■ Assigned task
Make an exact copy of the records, dropping all pictures.

[Input data — start]

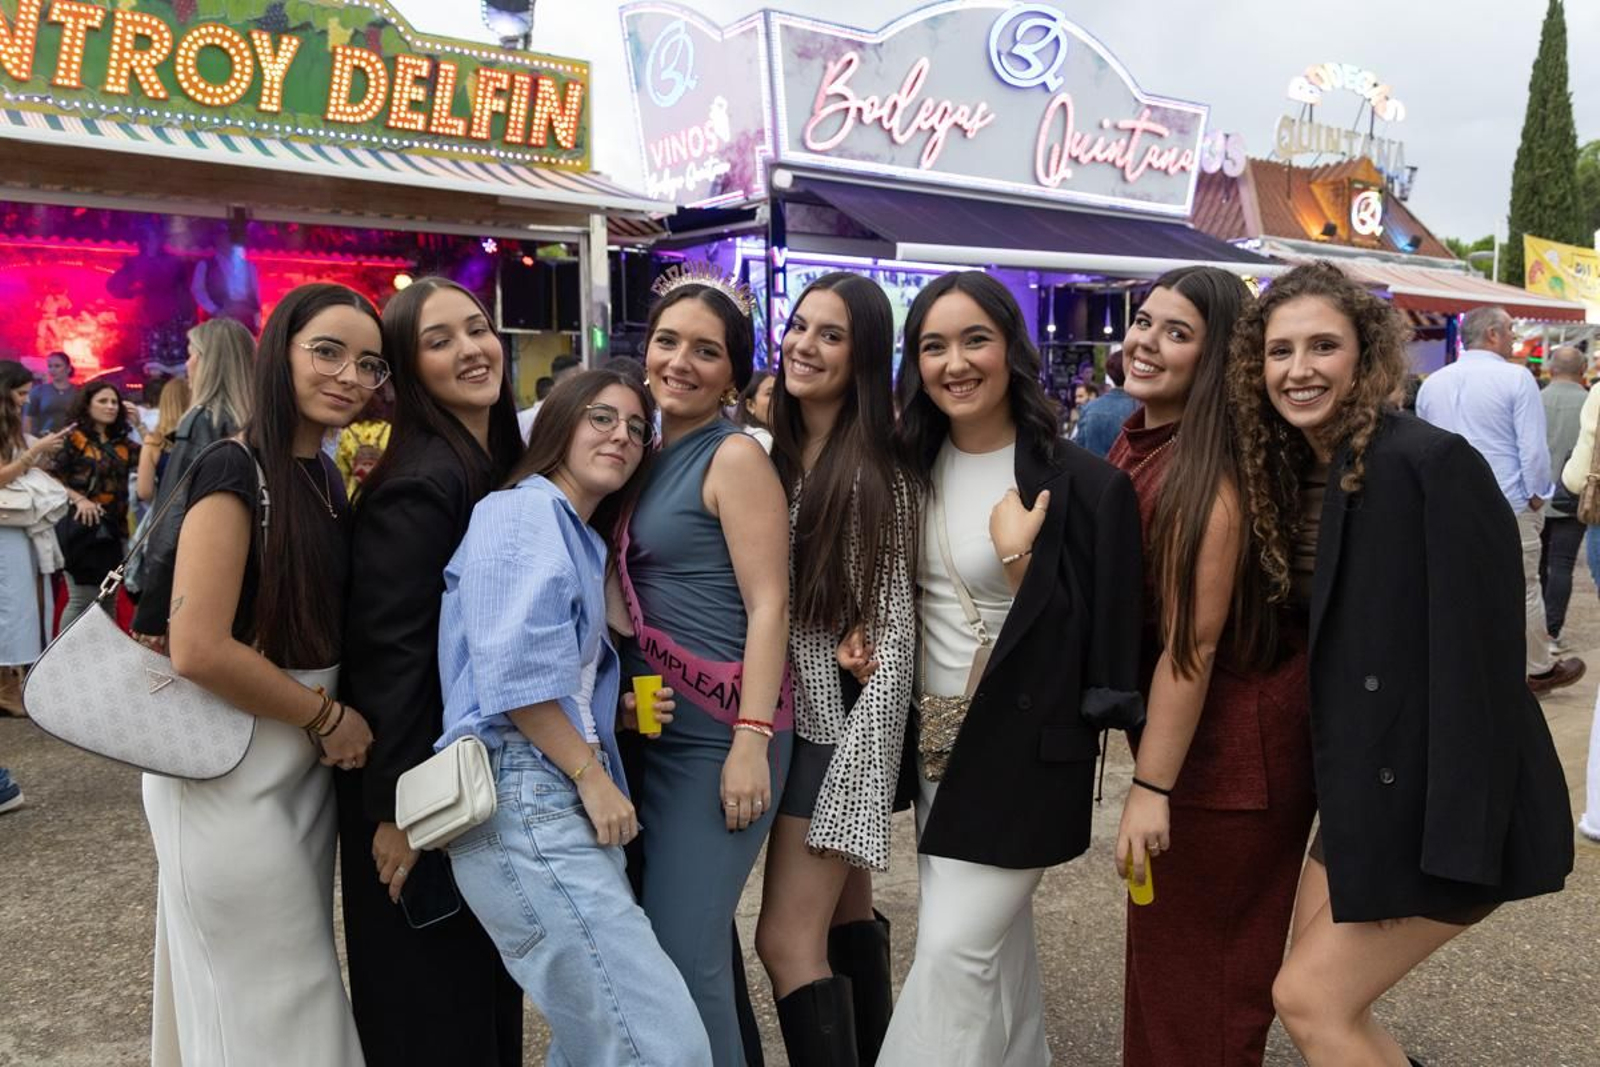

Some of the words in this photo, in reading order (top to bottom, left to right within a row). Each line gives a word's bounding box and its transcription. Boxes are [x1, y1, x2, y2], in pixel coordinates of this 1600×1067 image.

[323, 44, 584, 149] DELFIN
[650, 120, 719, 170] VINOS
[805, 51, 996, 169] Bodegas
[1036, 92, 1195, 188] Quintana
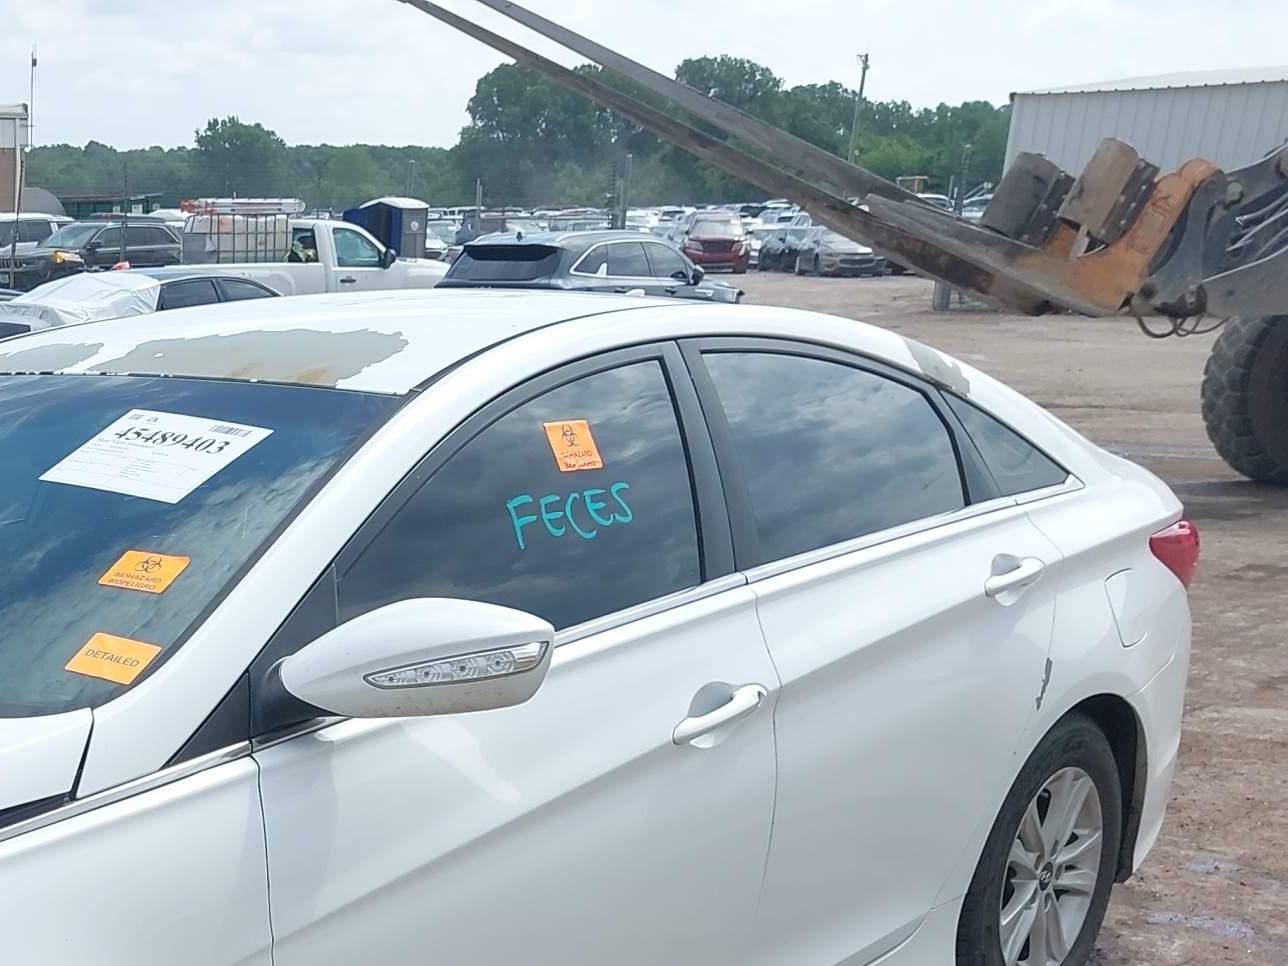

[Input data — finish]

■ Response area
Some of the words in this photo, in reading order (top to bottom, left to right within a row). Each line gives a word's bounding box and its transcription. Boxes are [x1, y1, x2, y2], in pixel coordinates of this 1600×1067 image.

[323, 44, 584, 149] DELFIN
[650, 120, 719, 170] VINOS
[805, 51, 996, 169] Bodegas
[1036, 92, 1195, 188] Quintana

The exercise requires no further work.